### [YOUR TASK]
What you return must match the records exactly, except that the pictures are gone.

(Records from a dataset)
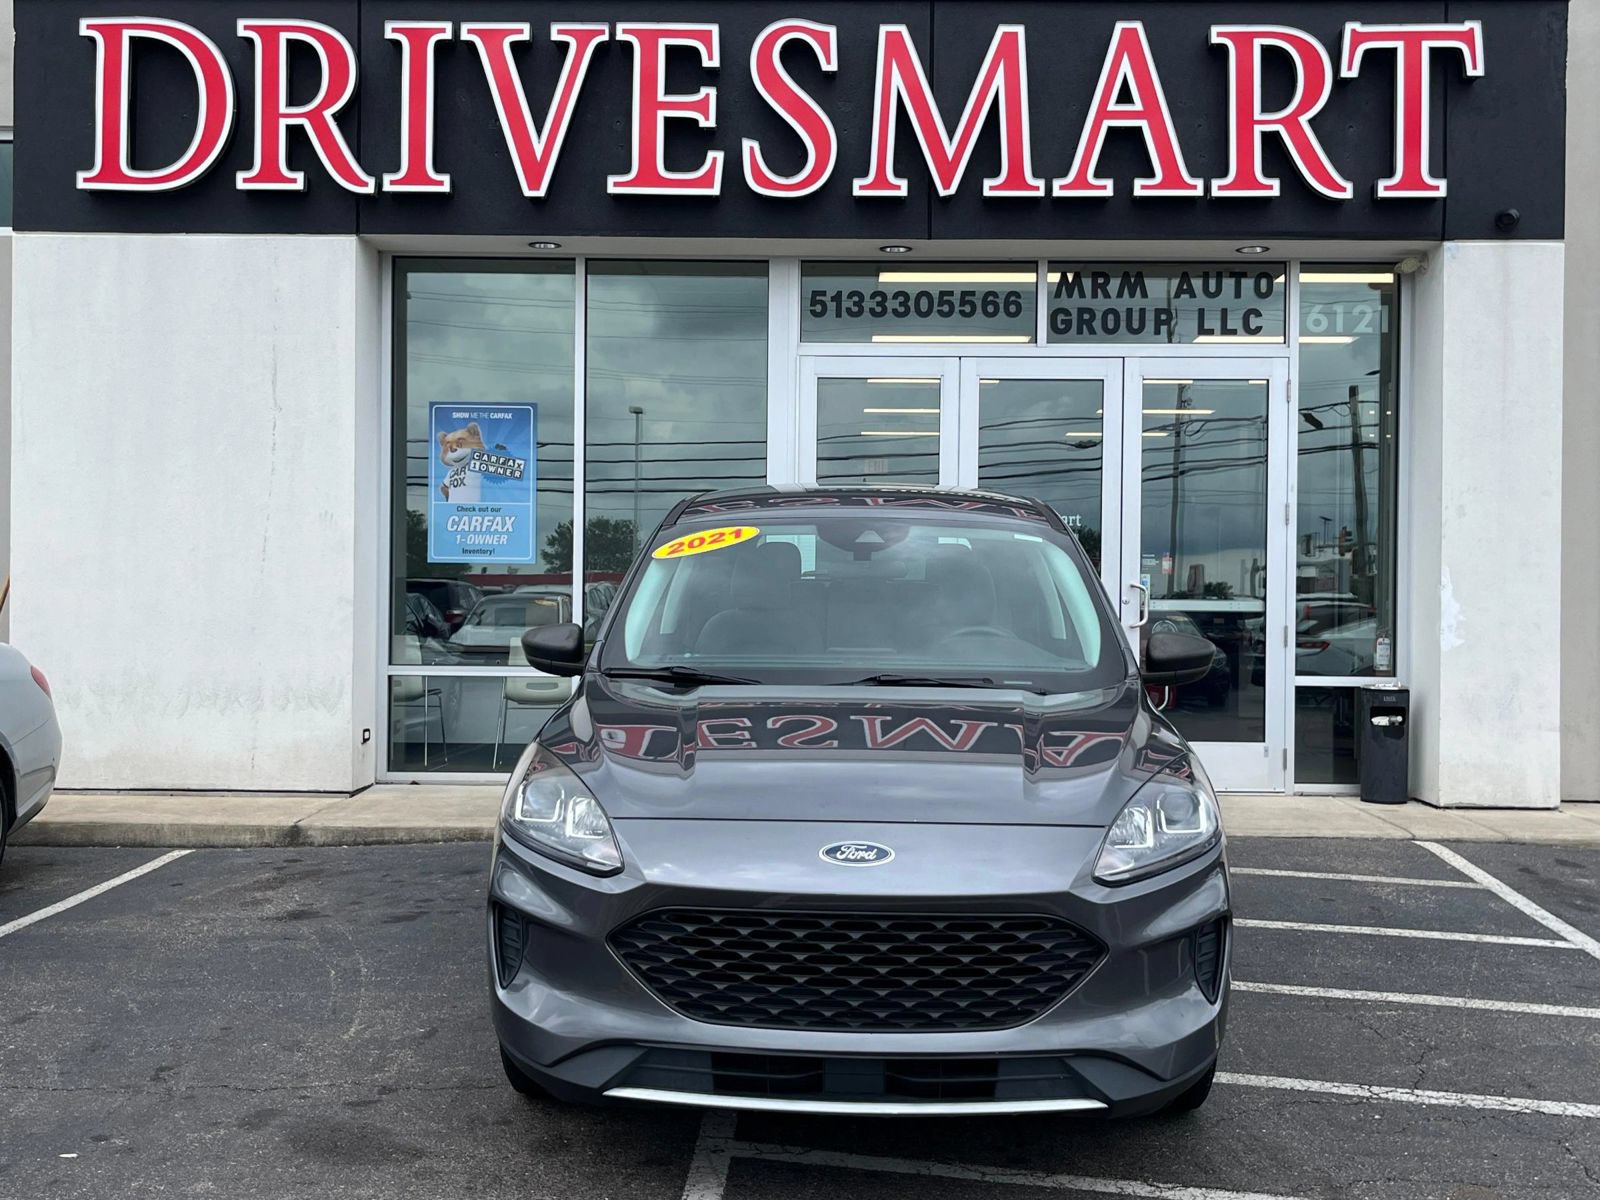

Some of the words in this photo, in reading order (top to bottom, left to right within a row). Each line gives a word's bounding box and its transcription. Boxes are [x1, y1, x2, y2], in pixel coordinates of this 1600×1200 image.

[76, 16, 1485, 200] DRIVESMART
[1054, 270, 1149, 299] MRM
[1173, 270, 1275, 299] AUTO
[809, 289, 1023, 319] 5133305566
[1049, 307, 1174, 336] GROUP
[1197, 307, 1264, 336] LLC
[1306, 304, 1389, 333] 6121
[473, 451, 523, 470] CARFAX
[450, 466, 467, 479] CAR
[450, 477, 467, 488] FOX
[447, 515, 515, 532] CARFAX
[456, 534, 508, 545] 1-OWNER
[666, 527, 743, 556] 2021
[462, 547, 496, 556] Inventory!
[836, 844, 878, 860] Ford
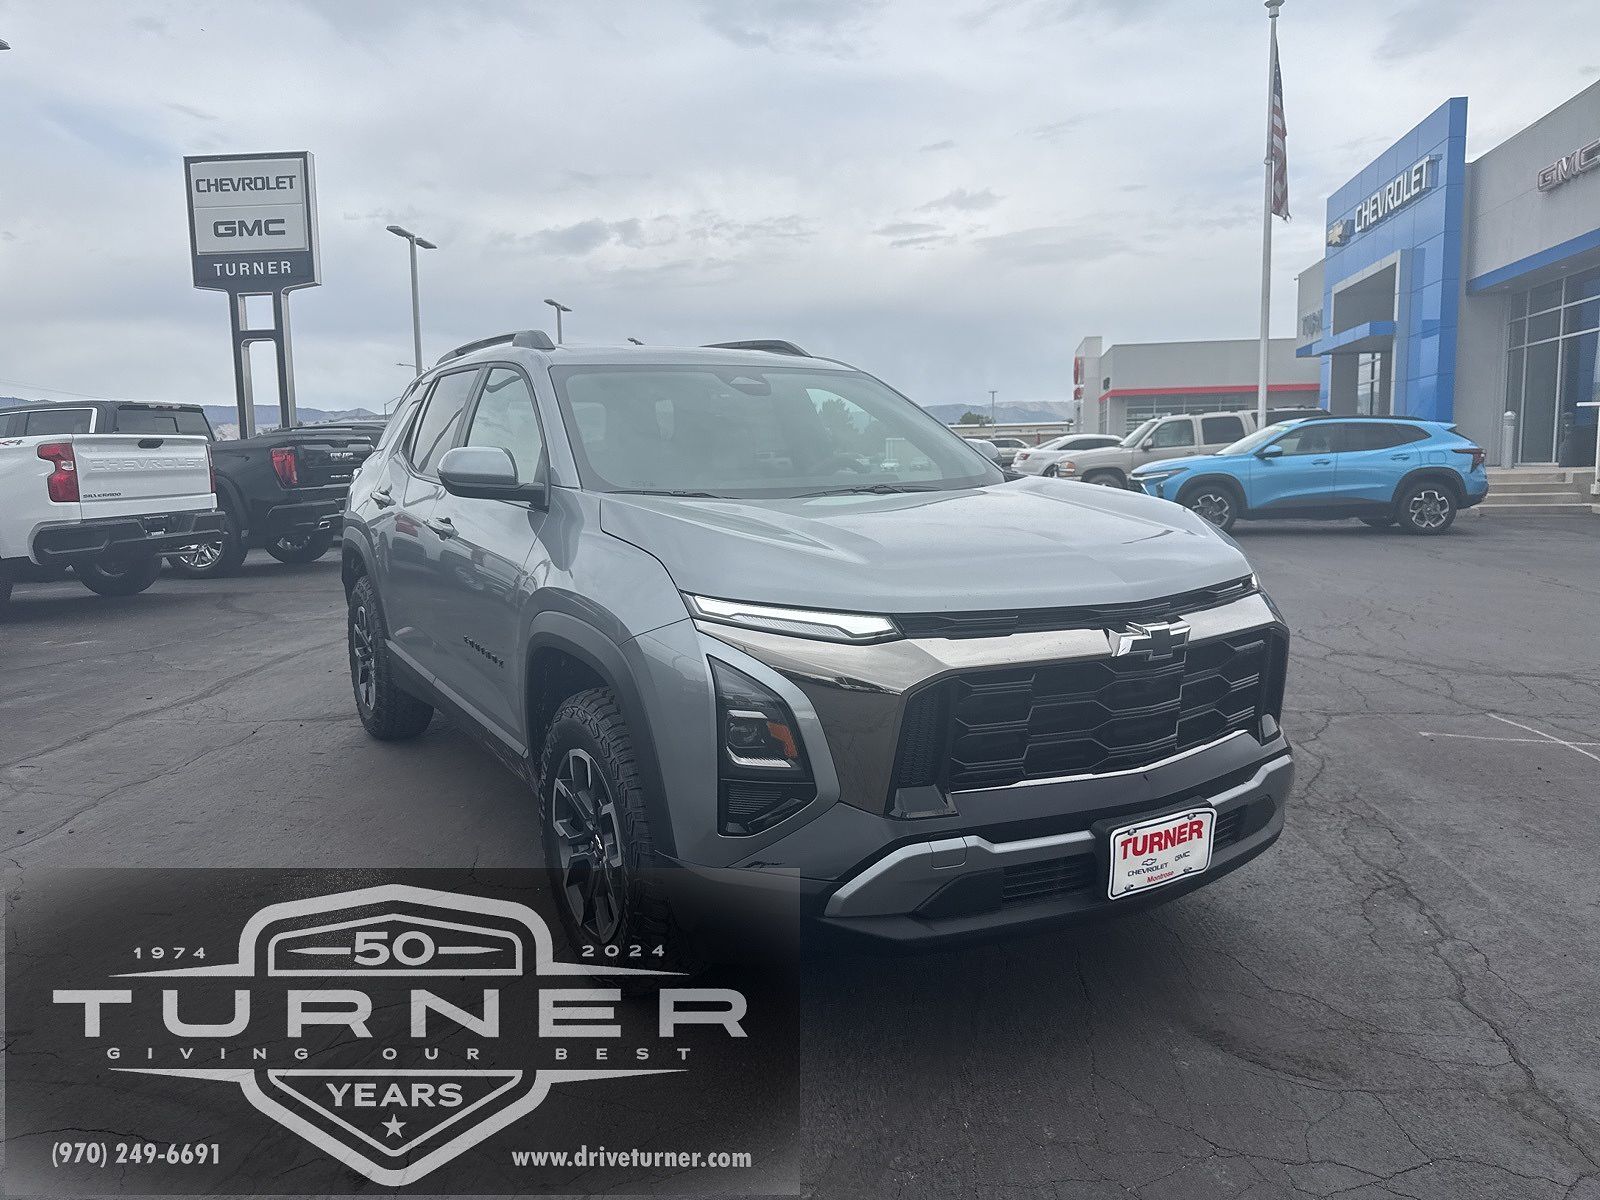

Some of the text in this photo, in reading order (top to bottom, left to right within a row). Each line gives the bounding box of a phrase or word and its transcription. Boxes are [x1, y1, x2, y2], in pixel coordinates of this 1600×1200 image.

[1537, 138, 1600, 192] GMC
[195, 175, 296, 193] CHEVROLET
[1354, 154, 1430, 233] CHEVROLET
[213, 218, 286, 238] GMC
[213, 260, 292, 276] TURNER
[90, 457, 206, 471] CHEVROLET
[82, 491, 122, 499] SILVERADO
[1120, 819, 1204, 860] TURNER
[1174, 850, 1191, 862] GMC
[1127, 861, 1169, 877] CHEVROLET
[1146, 870, 1175, 884] Montrose
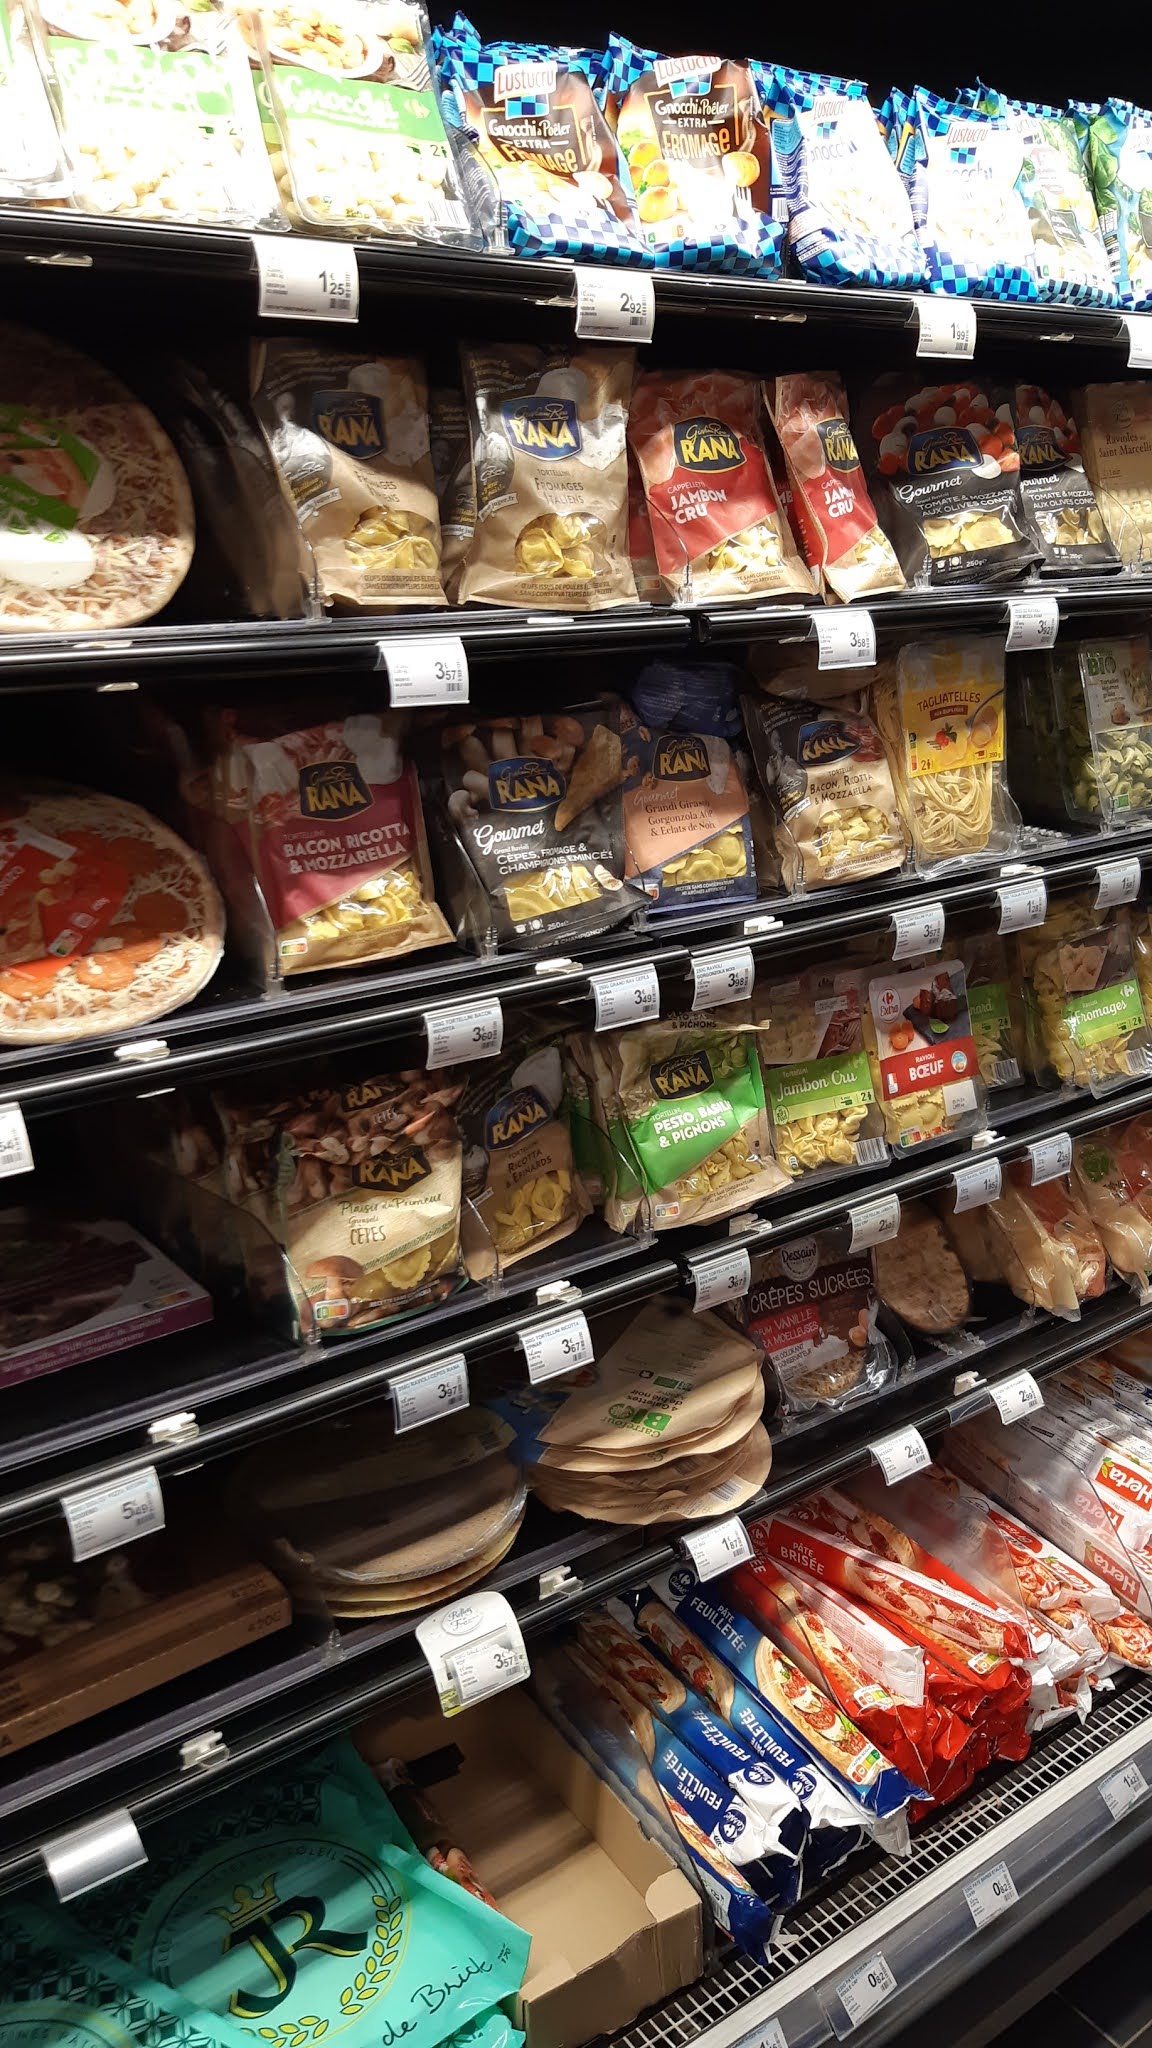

### [RESULT OF THE EXERCISE]
Some of the words in this photo, in reading order (top to bottom, left to right within a row). Each line gives a word's bounding box and its transcription. Boxes are [x1, y1, x2, y2], in pixel coordinates of this 1600×1200 image.

[76, 16, 1485, 200] DRIVESMART
[1054, 270, 1149, 299] MRM
[1173, 270, 1275, 299] AUTO
[809, 289, 1023, 319] 5133305566
[1049, 307, 1174, 336] GROUP
[1197, 307, 1264, 336] LLC
[1306, 304, 1389, 333] 6121
[473, 451, 523, 470] CARFAX
[450, 466, 467, 479] CAR
[450, 477, 467, 488] FOX
[447, 515, 515, 532] CARFAX
[456, 534, 508, 545] 1-OWNER
[666, 527, 743, 556] 2021
[462, 547, 496, 556] Inventory!
[836, 844, 878, 860] Ford

Some of the text in this photo, in reading order (top to bottom, left to right within a row). Each line gives the bounding box of a phrase or word and its transcription. Boxes are [x1, y1, x2, y2], in pixel coordinates of this 1600×1200 image.

[1537, 138, 1600, 192] GMC
[195, 175, 296, 193] CHEVROLET
[1354, 154, 1430, 233] CHEVROLET
[213, 218, 286, 238] GMC
[213, 260, 292, 276] TURNER
[90, 457, 206, 471] CHEVROLET
[82, 491, 122, 499] SILVERADO
[1120, 819, 1204, 860] TURNER
[1174, 850, 1191, 862] GMC
[1127, 861, 1169, 877] CHEVROLET
[1146, 870, 1175, 884] Montrose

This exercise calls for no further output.